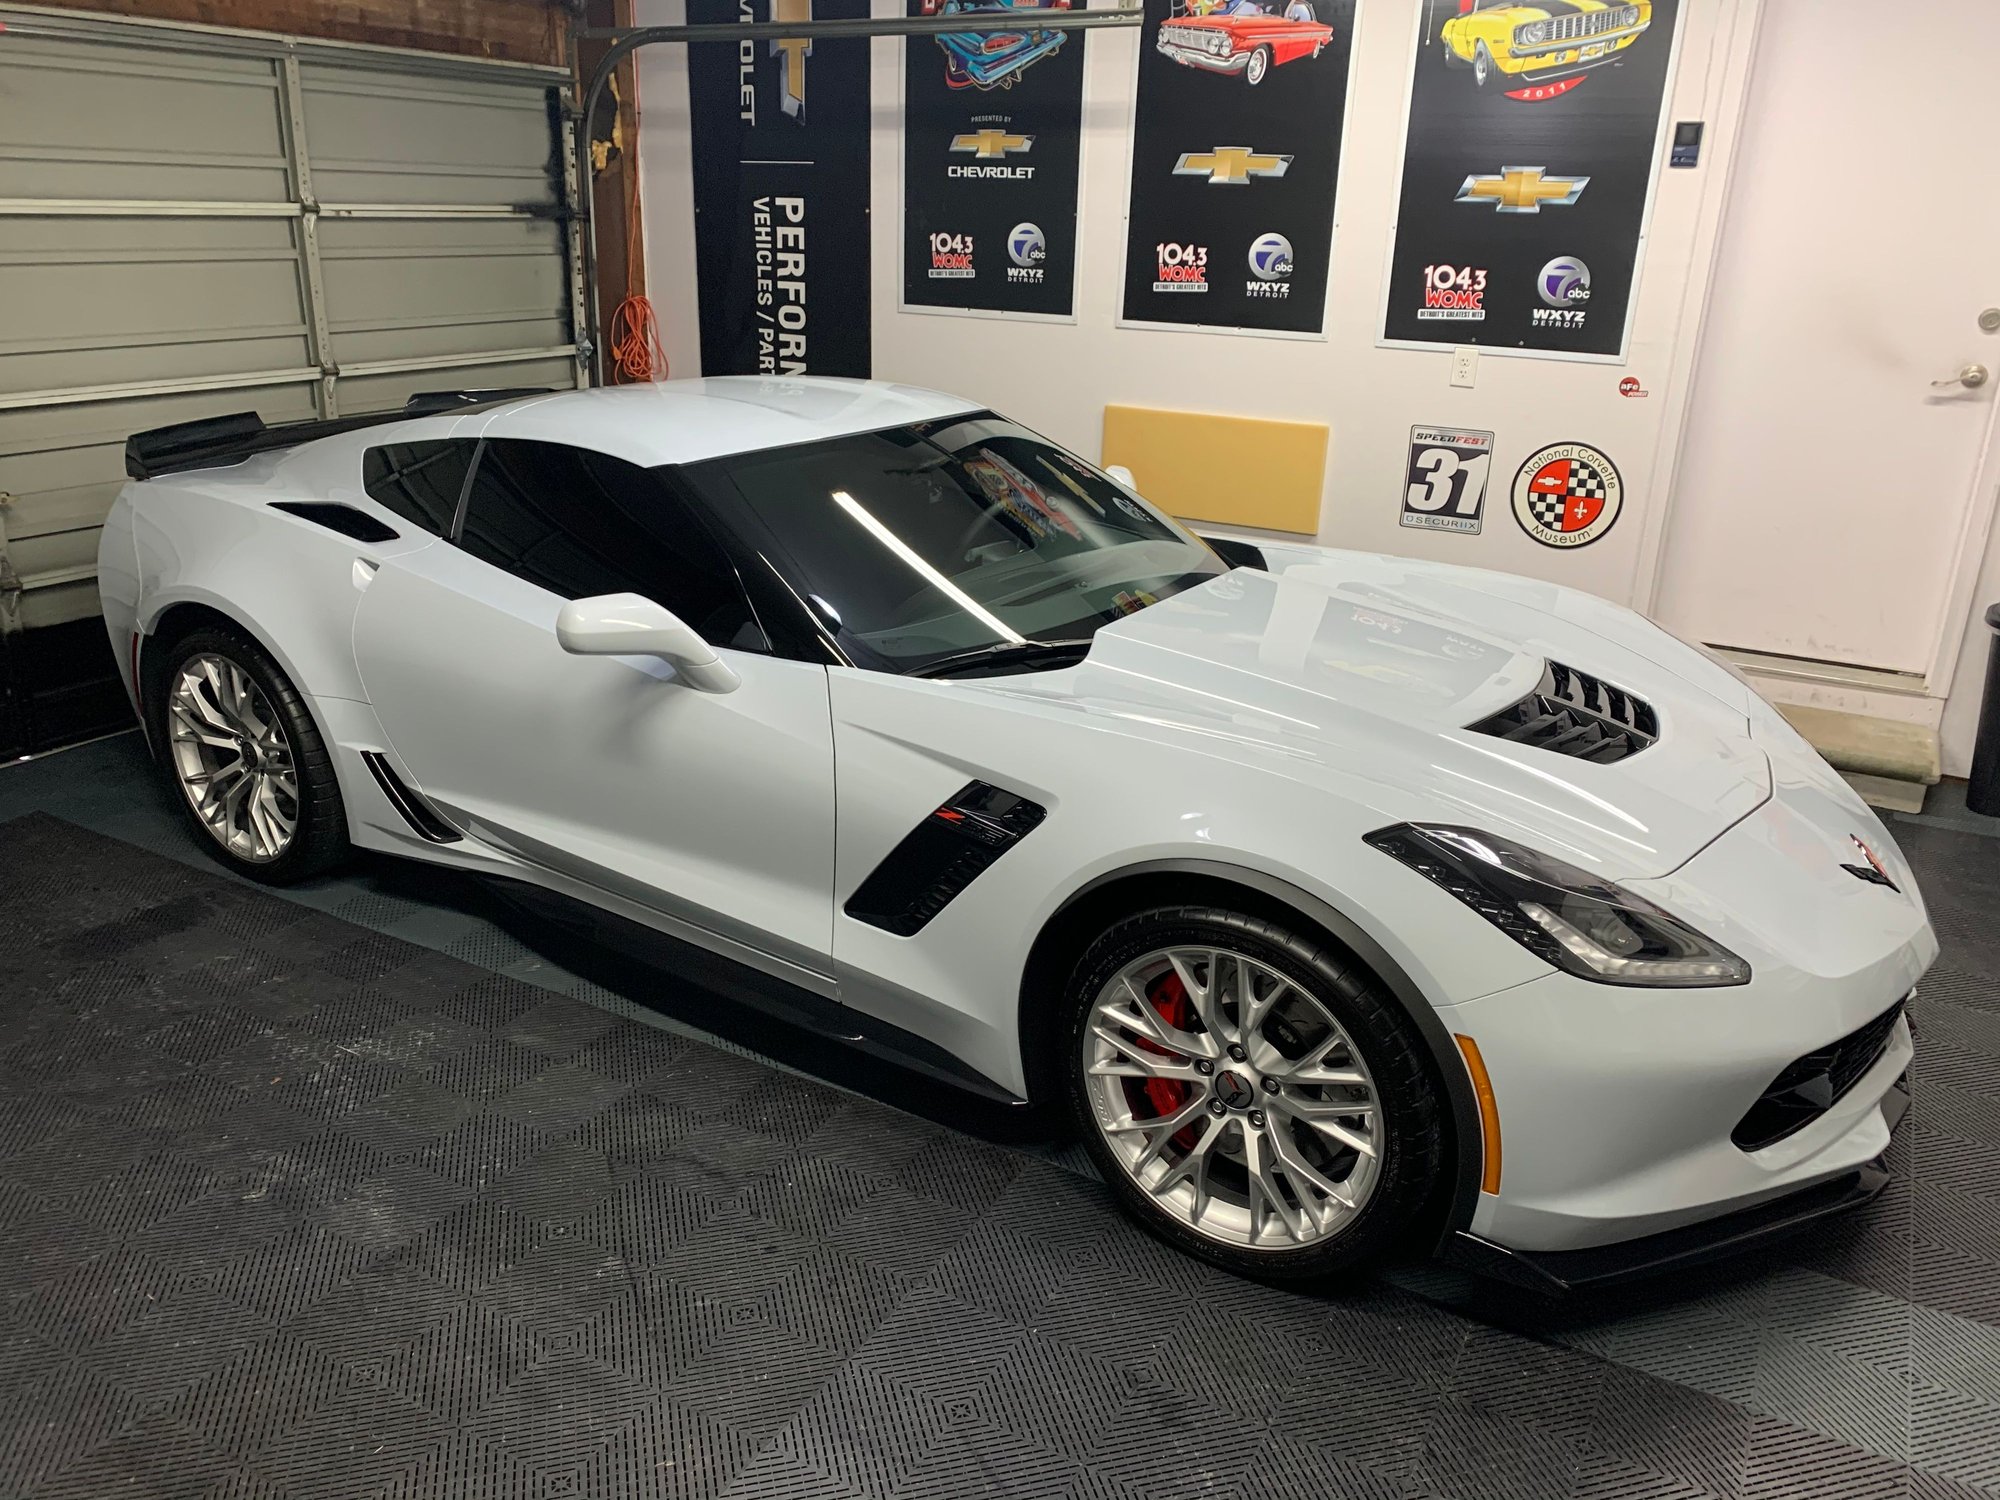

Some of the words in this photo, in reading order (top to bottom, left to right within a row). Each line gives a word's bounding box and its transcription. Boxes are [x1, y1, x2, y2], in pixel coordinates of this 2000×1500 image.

[1522, 82, 1566, 98] 2011
[971, 115, 1003, 123] PRESENTED
[947, 166, 1035, 179] CHEVROLET
[930, 232, 974, 254] 104.3
[753, 197, 773, 306] VEHICLES
[1030, 250, 1046, 259] abc
[1156, 243, 1208, 266] 104.3
[932, 253, 973, 269] WOMC
[1274, 262, 1293, 272] abc
[1007, 267, 1044, 278] WXYZ
[1158, 264, 1206, 282] WOMC
[1424, 264, 1488, 290] 104.3
[1246, 281, 1290, 293] WXYZ
[1567, 288, 1591, 299] abc
[1425, 288, 1484, 310] WOMC
[1420, 310, 1445, 318] DETROIT'S
[1471, 311, 1483, 319] HITS
[1532, 309, 1586, 322] WXYZ
[1532, 320, 1584, 329] DETROIT
[1620, 383, 1639, 391] aFe
[1415, 432, 1489, 446] SPEEDFEST
[1524, 447, 1574, 476] National
[1577, 448, 1616, 490] Corvette
[1407, 448, 1489, 515] 31
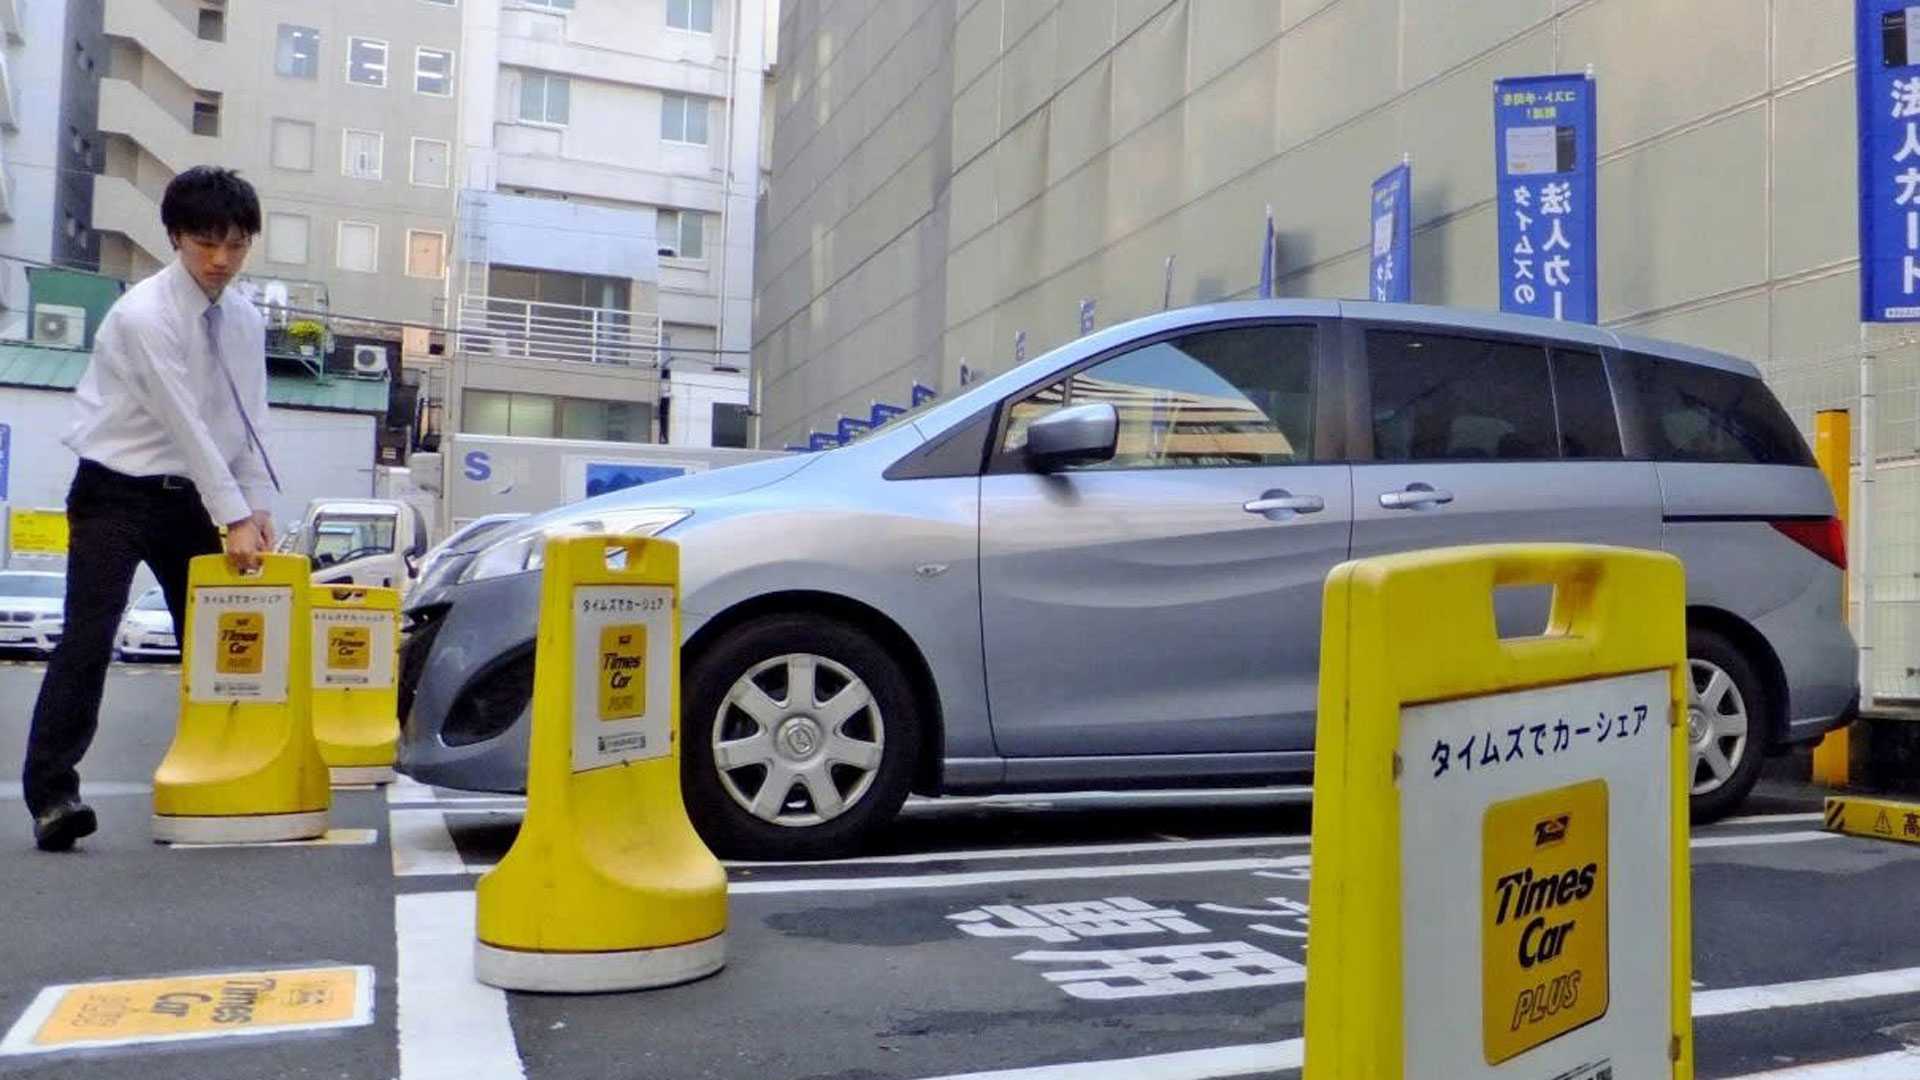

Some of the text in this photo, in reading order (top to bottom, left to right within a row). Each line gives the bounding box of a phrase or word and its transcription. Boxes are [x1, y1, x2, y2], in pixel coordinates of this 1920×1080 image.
───
[About this exercise] Repeat the records word for word, skipping pictures.

[Answer]
Some of the words in this photo, in reading order (top to bottom, left to right within a row). Each line gives a word's bounding box and its transcription. Boxes are [x1, y1, x2, y2], in pixel coordinates of this 2000×1500 image.

[1522, 82, 1566, 98] 2011
[971, 115, 1003, 123] PRESENTED
[947, 166, 1035, 179] CHEVROLET
[930, 232, 974, 254] 104.3
[753, 197, 773, 306] VEHICLES
[1030, 250, 1046, 259] abc
[1156, 243, 1208, 266] 104.3
[932, 253, 973, 269] WOMC
[1274, 262, 1293, 272] abc
[1007, 267, 1044, 278] WXYZ
[1158, 264, 1206, 282] WOMC
[1424, 264, 1488, 290] 104.3
[1246, 281, 1290, 293] WXYZ
[1567, 288, 1591, 299] abc
[1425, 288, 1484, 310] WOMC
[1420, 310, 1445, 318] DETROIT'S
[1471, 311, 1483, 319] HITS
[1532, 309, 1586, 322] WXYZ
[1532, 320, 1584, 329] DETROIT
[1620, 383, 1639, 391] aFe
[1415, 432, 1489, 446] SPEEDFEST
[1524, 447, 1574, 476] National
[1577, 448, 1616, 490] Corvette
[1407, 448, 1489, 515] 31

Some of the text in this photo, in reading order (top to bottom, left to right within a row). Each line gives the bounding box of a phrase or word and its transcription. Boxes are [x1, y1, x2, y2], in pixel coordinates of this 1920×1080 image.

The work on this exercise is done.